Buckwheat

Buckwheat – this name might suggest that it is a type of cereal similar to wheat. But buckwheat has no connection with wheat whatsoever. In fact, it is a fruit seed that is closely related to rhubarb, sorrel and knotweed.
Buckwheat’s beneficial effects are due in part to its rich supply of flavonoids, particularly rutin. Buckwheat’s lipid-lowering activity is largely due to rutin and other flavonoid compounds. These compounds help maintain blood flow, keep platelets from clotting excessively (platelets are compounds in blood that, when triggered, clump together, thus preventing excessive blood loss, and protect LDL from free radical oxidation into potentially harmful cholesterol oxides. This is very important for maintaining heart health.

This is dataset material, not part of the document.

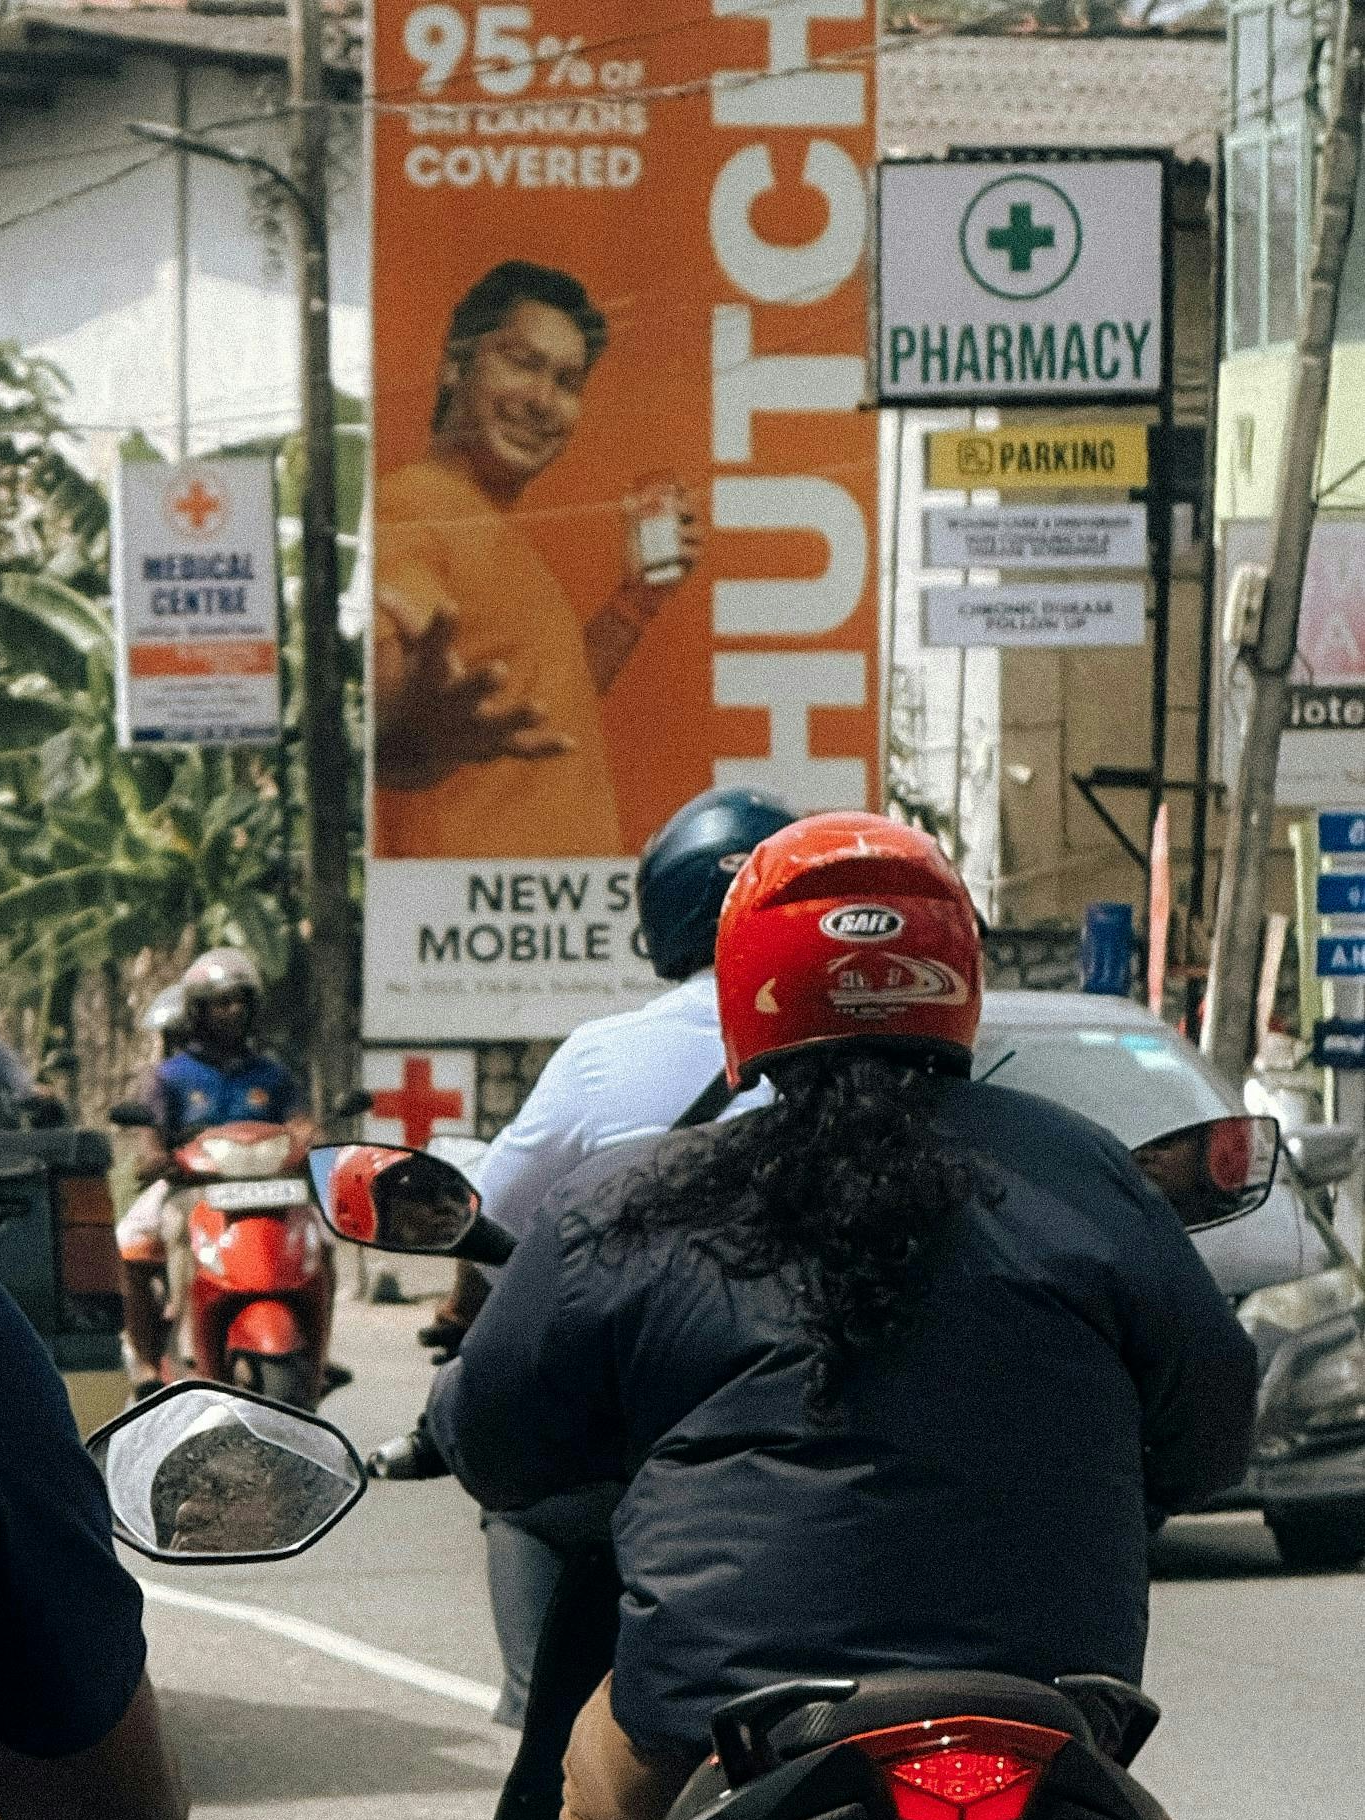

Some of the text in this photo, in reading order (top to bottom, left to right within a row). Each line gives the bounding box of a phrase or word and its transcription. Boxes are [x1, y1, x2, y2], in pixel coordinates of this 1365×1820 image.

Buckwheat is also a good source of magnesium. This mineral relaxes blood vessels, improving blood flow and nutrient delivery, this aiding to maintain healthy blood pressure.
Buckwheat contains linoleic acid, vitamins (B1, B2, B3, B5, E, P), essential amino acids, minerals – chromium, copper, manganese, folic acid – and is an excellent source of magnesium. These proprieties recommend buckwheat as having a pronounced Yang feature
Due to the presence of inosit, buckwheat adjusts metabolism, fat and the lipo-soluble vitamins. It also helps the liver in processing hormones, medicines, and glucoses, with a protective hepatic effect.
Buckwheat provides the necessary amount of proteins necessary for the body because it contains essential amino acids which the body cannot synthesize and who need to be taken from one’s daily nutrition.